What is being asked: Write out the lines below once more, exactly as they appear. Do not include pictures.

[[ Data for the task, beginning ]]

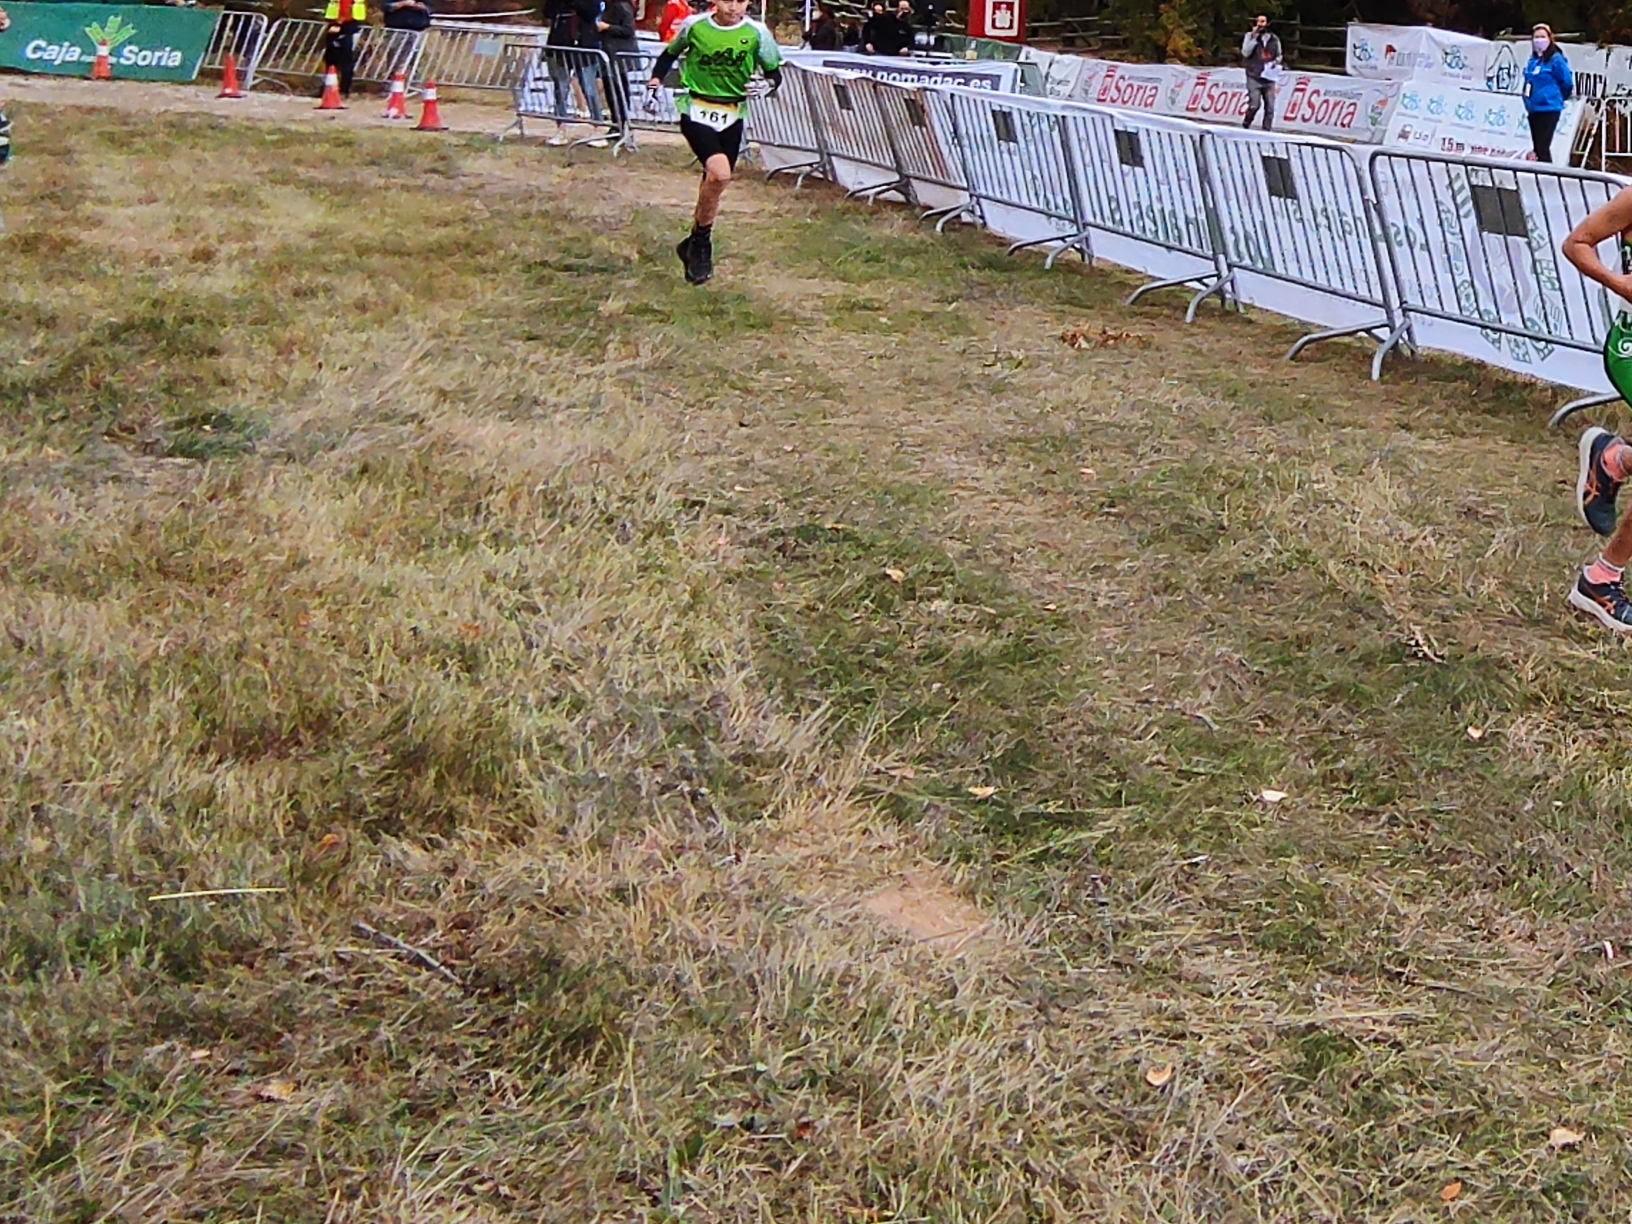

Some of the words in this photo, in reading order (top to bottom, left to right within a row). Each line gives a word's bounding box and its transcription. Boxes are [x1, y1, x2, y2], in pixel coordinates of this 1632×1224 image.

[26, 40, 81, 64] Caja
[119, 46, 182, 66] Soria
[1110, 74, 1159, 108] Soria
[1201, 83, 1249, 116] Soria
[1301, 87, 1357, 128] Soria
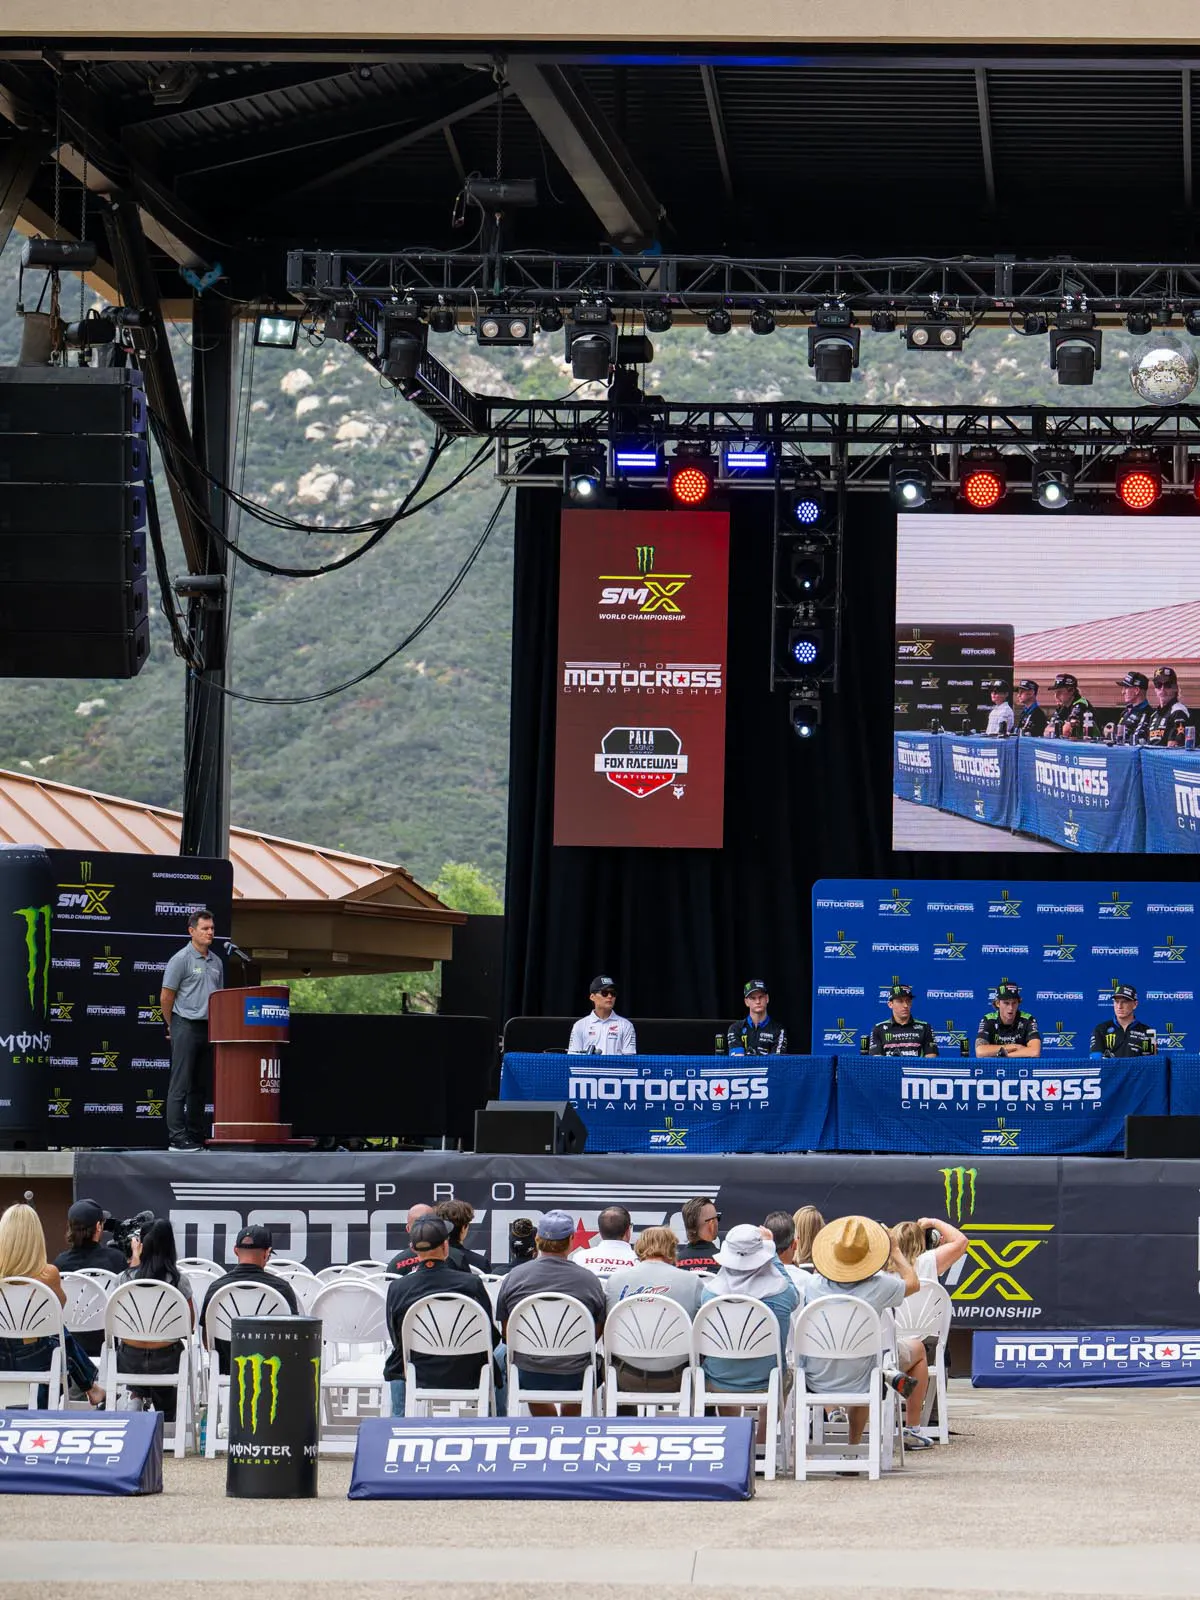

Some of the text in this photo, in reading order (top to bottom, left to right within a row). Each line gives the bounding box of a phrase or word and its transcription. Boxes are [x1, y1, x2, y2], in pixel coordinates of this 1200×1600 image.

[599, 582, 685, 612] SMX
[898, 643, 932, 656] SMX
[564, 670, 722, 687] MOTOCROSS
[564, 687, 722, 695] CHAMPIONSHIP
[629, 730, 654, 744] PALA
[604, 757, 678, 770] FOX RACEWAY
[1057, 754, 1078, 764] PRO
[953, 753, 1000, 778] MOTOCROSS
[1035, 760, 1108, 796] MOTOCROSS
[1037, 784, 1109, 808] CHAMPIONSHIP
[57, 889, 111, 914] SMX
[879, 901, 910, 913] SMX
[988, 903, 1020, 915] SMX
[1098, 905, 1130, 916] SMX
[824, 944, 855, 955] SMX
[934, 946, 966, 958] SMX
[1043, 948, 1075, 960] SMX
[1153, 949, 1185, 960] SMX
[93, 960, 120, 972] SMX
[824, 1032, 856, 1044] SMX
[1043, 1035, 1075, 1046] SMX
[91, 1055, 117, 1067] SMX
[643, 1069, 695, 1077] PRO
[975, 1069, 1028, 1077] PRO
[569, 1078, 768, 1100] MOTOCROSS
[902, 1078, 1101, 1100] MOTOCROSS
[136, 1103, 163, 1115] SMX
[902, 1101, 1101, 1111] CHAMPIONSHIP
[650, 1132, 686, 1145] SMX
[982, 1132, 1018, 1146] SMX
[376, 1183, 514, 1201] PRO
[397, 1256, 420, 1269] HON
[585, 1258, 635, 1266] HONDA
[951, 1306, 1042, 1318] AMPIONSHIP
[516, 1426, 600, 1435] PRO
[230, 1442, 291, 1457] MONSTER
[385, 1437, 726, 1462] MOTOCROSS
[384, 1462, 723, 1473] CHAMPIONSHIP

[[ Data for the task, end ]]

The completed task:
Some of the words in this photo, in reading order (top to bottom, left to right within a row). Each line gives a word's bounding box and its transcription. Boxes are [x1, y1, x2, y2], in pixel coordinates of this 1632×1224 image.

[26, 40, 81, 64] Caja
[119, 46, 182, 66] Soria
[1110, 74, 1159, 108] Soria
[1201, 83, 1249, 116] Soria
[1301, 87, 1357, 128] Soria

Some of the text in this photo, in reading order (top to bottom, left to right within a row). Each line gives the bounding box of a phrase or word and its transcription. Boxes are [x1, y1, x2, y2], in pixel coordinates of this 1200×1600 image.

[599, 582, 685, 612] SMX
[898, 643, 932, 656] SMX
[564, 670, 722, 687] MOTOCROSS
[564, 687, 722, 695] CHAMPIONSHIP
[629, 730, 654, 744] PALA
[604, 757, 678, 770] FOX RACEWAY
[1057, 754, 1078, 764] PRO
[953, 753, 1000, 778] MOTOCROSS
[1035, 760, 1108, 796] MOTOCROSS
[1037, 784, 1109, 808] CHAMPIONSHIP
[57, 889, 111, 914] SMX
[879, 901, 910, 913] SMX
[988, 903, 1020, 915] SMX
[1098, 905, 1130, 916] SMX
[824, 944, 855, 955] SMX
[934, 946, 966, 958] SMX
[1043, 948, 1075, 960] SMX
[1153, 949, 1185, 960] SMX
[93, 960, 120, 972] SMX
[824, 1032, 856, 1044] SMX
[1043, 1035, 1075, 1046] SMX
[91, 1055, 117, 1067] SMX
[643, 1069, 695, 1077] PRO
[975, 1069, 1028, 1077] PRO
[569, 1078, 768, 1100] MOTOCROSS
[902, 1078, 1101, 1100] MOTOCROSS
[136, 1103, 163, 1115] SMX
[902, 1101, 1101, 1111] CHAMPIONSHIP
[650, 1132, 686, 1145] SMX
[982, 1132, 1018, 1146] SMX
[376, 1183, 514, 1201] PRO
[397, 1256, 420, 1269] HON
[585, 1258, 635, 1266] HONDA
[951, 1306, 1042, 1318] AMPIONSHIP
[516, 1426, 600, 1435] PRO
[230, 1442, 291, 1457] MONSTER
[385, 1437, 726, 1462] MOTOCROSS
[384, 1462, 723, 1473] CHAMPIONSHIP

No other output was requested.